I turn and go to look for my phone too. I slip several times on the mud and drenched gravel, but thank the gods my car is still the right way up.
“Fuck.” Carter’s swear filters through the battering rain.
“What?” I call out.
There’s a pause before footsteps near.
“No signal.”
Fuck indeed.
That’s not good. Not good at all.
A faint thread of unease snakes around my guts, and I take one controlled, deep breath to dissolve it.
It’s fine. It’s. Fine.
Finally, I find the device under the passenger seat. The screen is cracked, but it still allows me to see the unfortunate situation we’re in.
“Scarlet . . . what is—”
“Oh, no. Oh no! I don’t have any signal either.” I clutch the phone tightly in my hand, that thread of unease coming back with a vengeance, morphing into panic, multiplying, and gripping my insides.
I’m already pacing, feet slapping through the mud as I bite my lip, pressure forming in my temples.
“Scarlet.” Carter’s tone is nothing but wind weaving through the thick raindrops.
“We’re stuck here.
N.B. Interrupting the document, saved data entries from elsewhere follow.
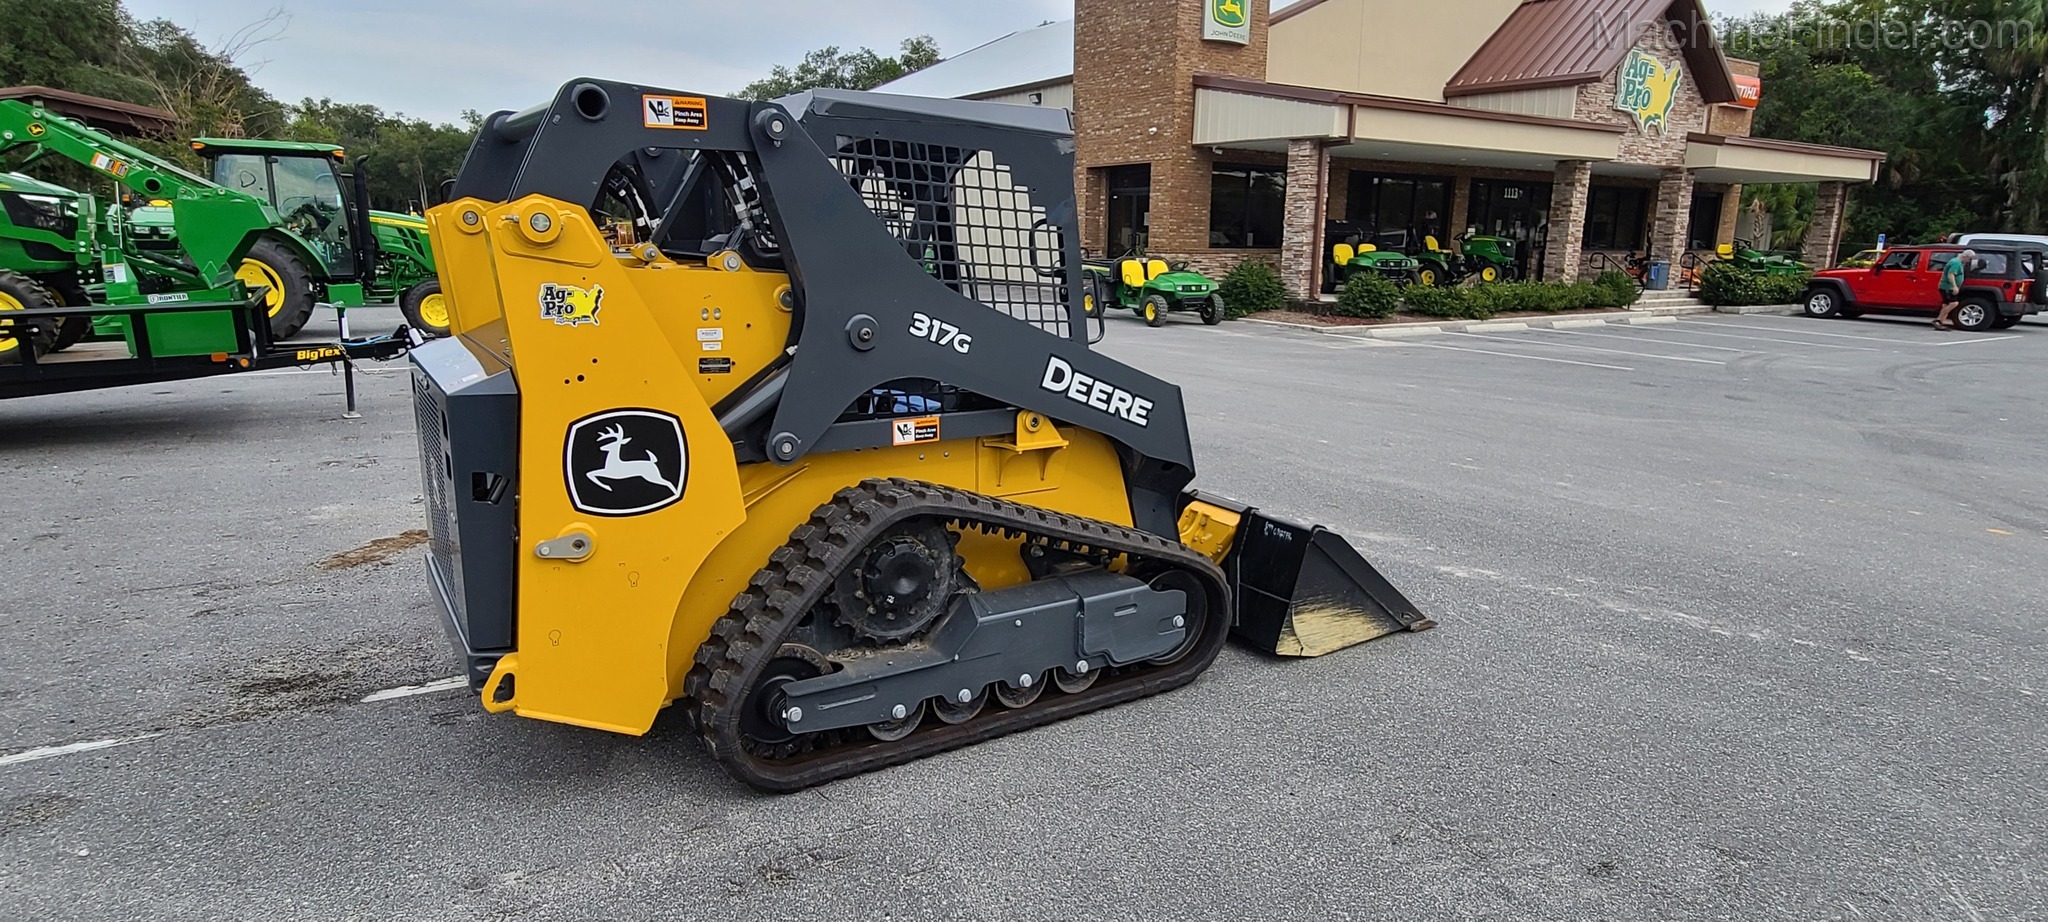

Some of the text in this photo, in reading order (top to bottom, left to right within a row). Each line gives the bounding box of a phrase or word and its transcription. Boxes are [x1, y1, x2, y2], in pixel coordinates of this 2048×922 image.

[1229, 31, 1246, 40] DEERE
[1625, 51, 1654, 86] Ag-
[1621, 79, 1650, 108] Pro
[543, 286, 573, 303] Ag-
[544, 301, 574, 316] Pro
[909, 312, 972, 354] 317G
[296, 347, 341, 361] BigTex
[1041, 356, 1153, 427] DEERE
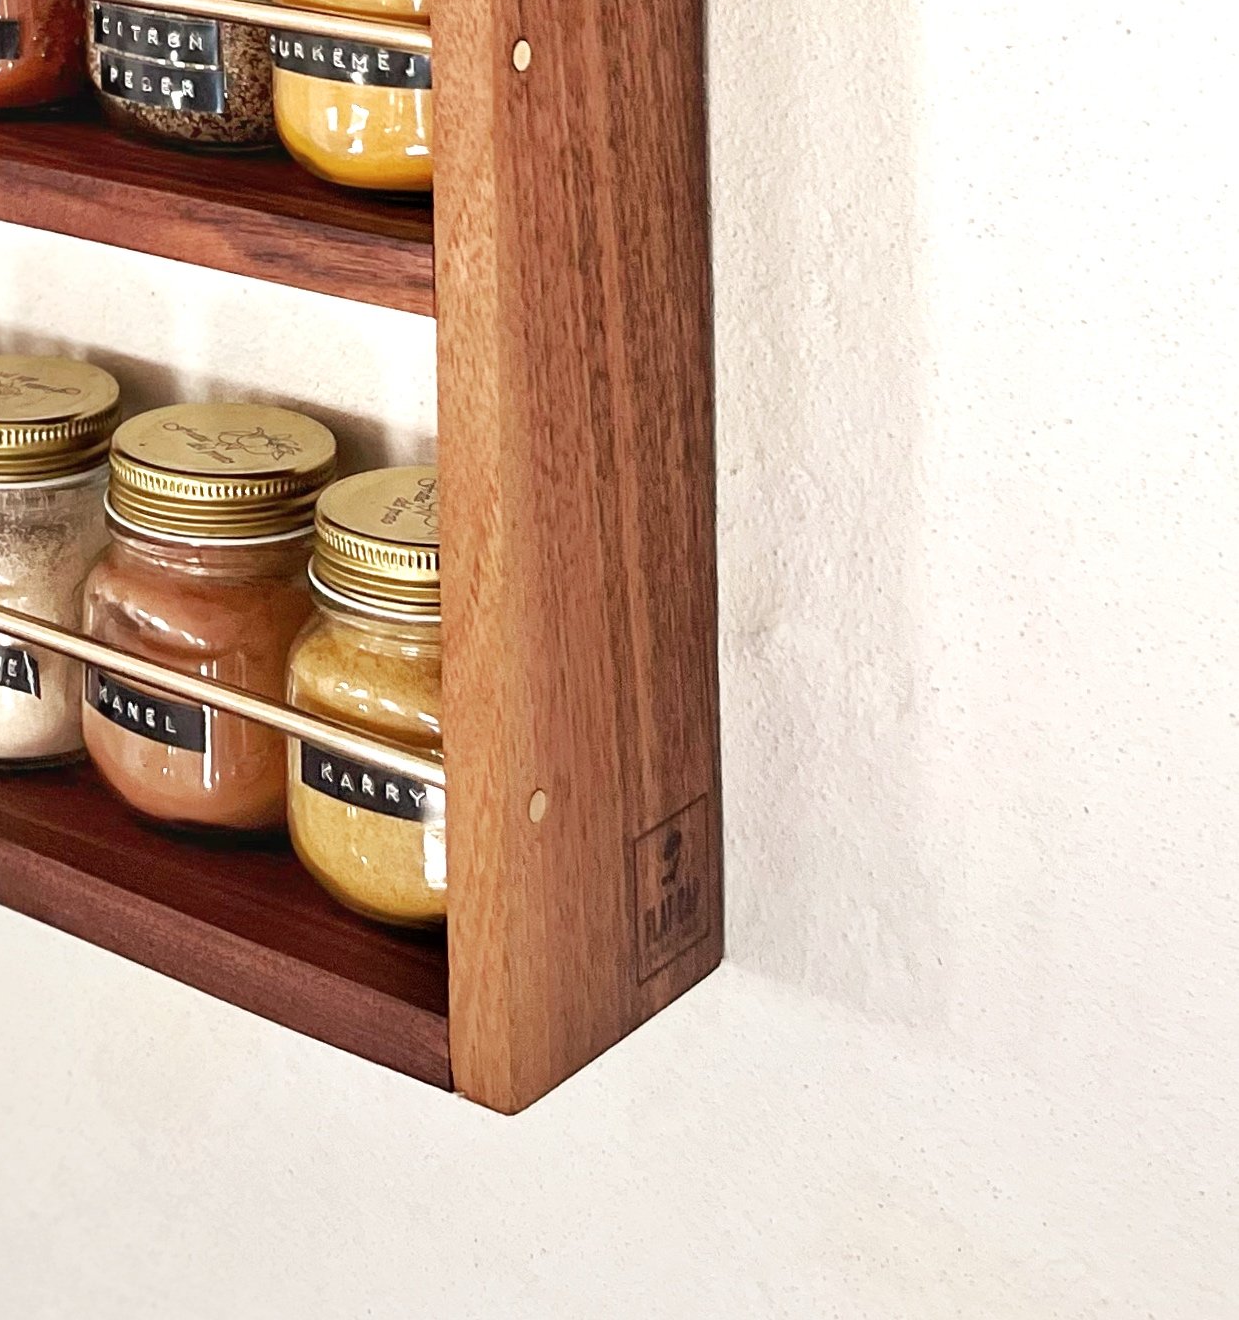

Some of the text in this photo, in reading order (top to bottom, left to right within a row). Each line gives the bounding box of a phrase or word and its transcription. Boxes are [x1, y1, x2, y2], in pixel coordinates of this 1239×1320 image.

[102, 15, 203, 52] CITRON
[110, 64, 194, 99] PEBER
[99, 682, 177, 734] KANEL
[321, 762, 426, 808] KARRY
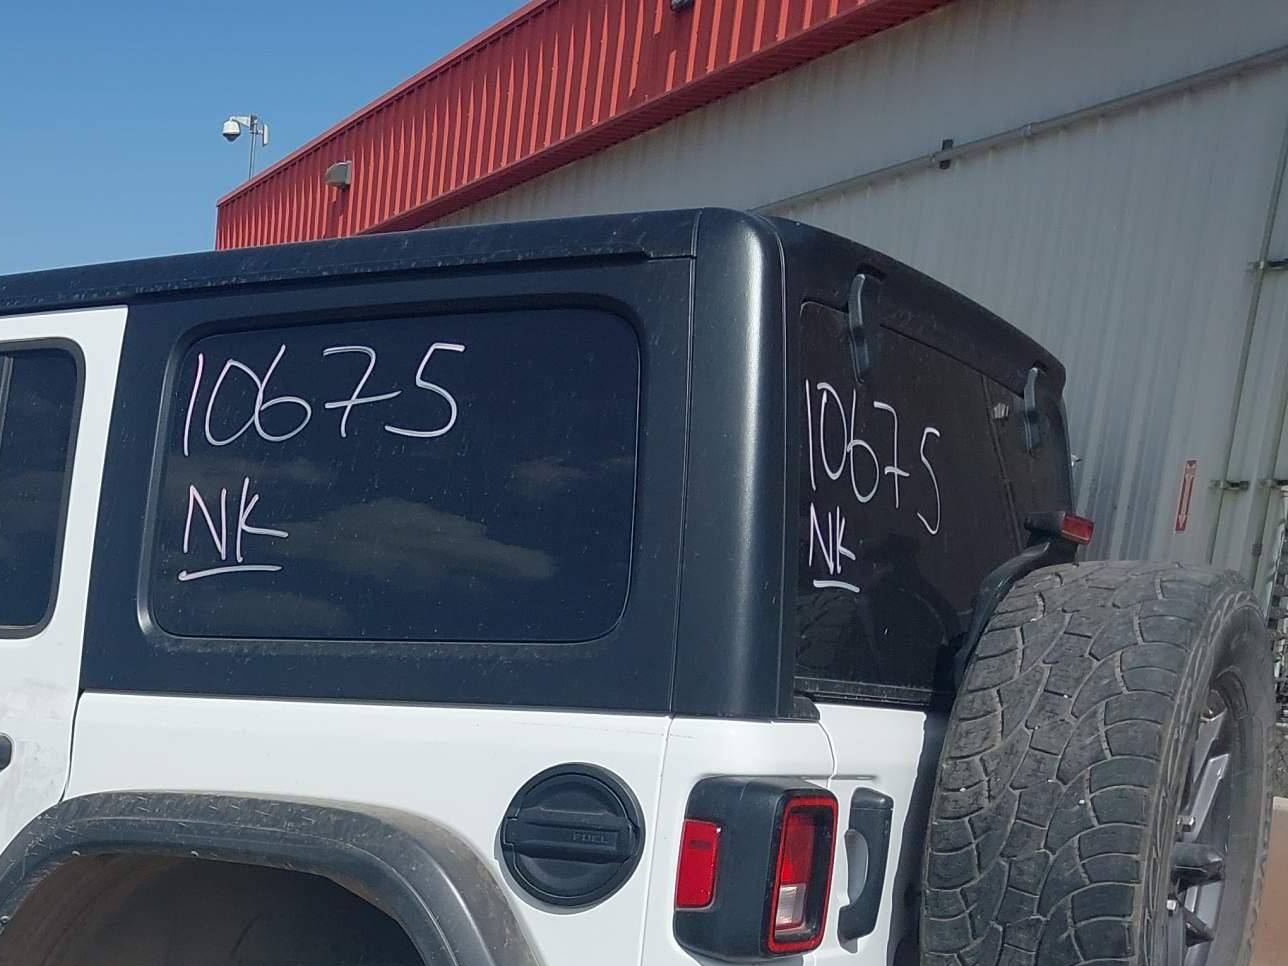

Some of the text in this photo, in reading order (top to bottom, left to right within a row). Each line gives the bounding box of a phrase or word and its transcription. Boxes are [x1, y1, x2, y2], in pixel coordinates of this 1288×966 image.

No cars. No phone. In the middle of the woods,” I mutter to myself, pacing from one end of the car to the other. “Fuck. And there’s this damn storm. The cold. Oh god, what will—”
“Scarlet!” He’s on me. Strong hands clutch my shoulders as he turns me to face him.
But I don’t see him. Only a smudge of his beautiful, brutal face. I did this. I brought us here. Caused the crash. Forced us into this situation. I doomed us.
“Look at me!” With his guttural bellow, my focus snaps.
I see him, his eyes shadowed as he looks down at me. My cheeks almost warm as he holds them, forcing my full attention on him.
He doesn’t add to the command, yet I don’t falter either, because it lingers in my mind. My muscles. Somewhere deep in my soul too.
There’s an intimate quality to this moment. Our silence carries through the deafening storm, leaving room for a truth I didn’t allow myself space to acknowledge before. I am obsessed with this man, yes, but more than that...I like him. Really like him.
His thumbs move, brushing slowly, his gaze charged with a restraint that might crack soon, as he forces them away from where his digits reach dangerously close to my lips.
“Scarlet . . .”
“Yes . . .”
One second, I’m convinced he might feel the same, and the next, he blinks and the slight spark I saw through the darkness snaps out of his gaze.
“You’re bleeding.”
“Huh?” I have to blink away the stupor I’ve been trapped in, because his words don’t fully register.
“You’re bleeding.” He looks between us, then lets go of me, taking half a step back before he drops to one knee.
I could get used to this. I snicker to myself.
He fumbles with his phone, the flashlight too bright as he turns it on and aims it at me.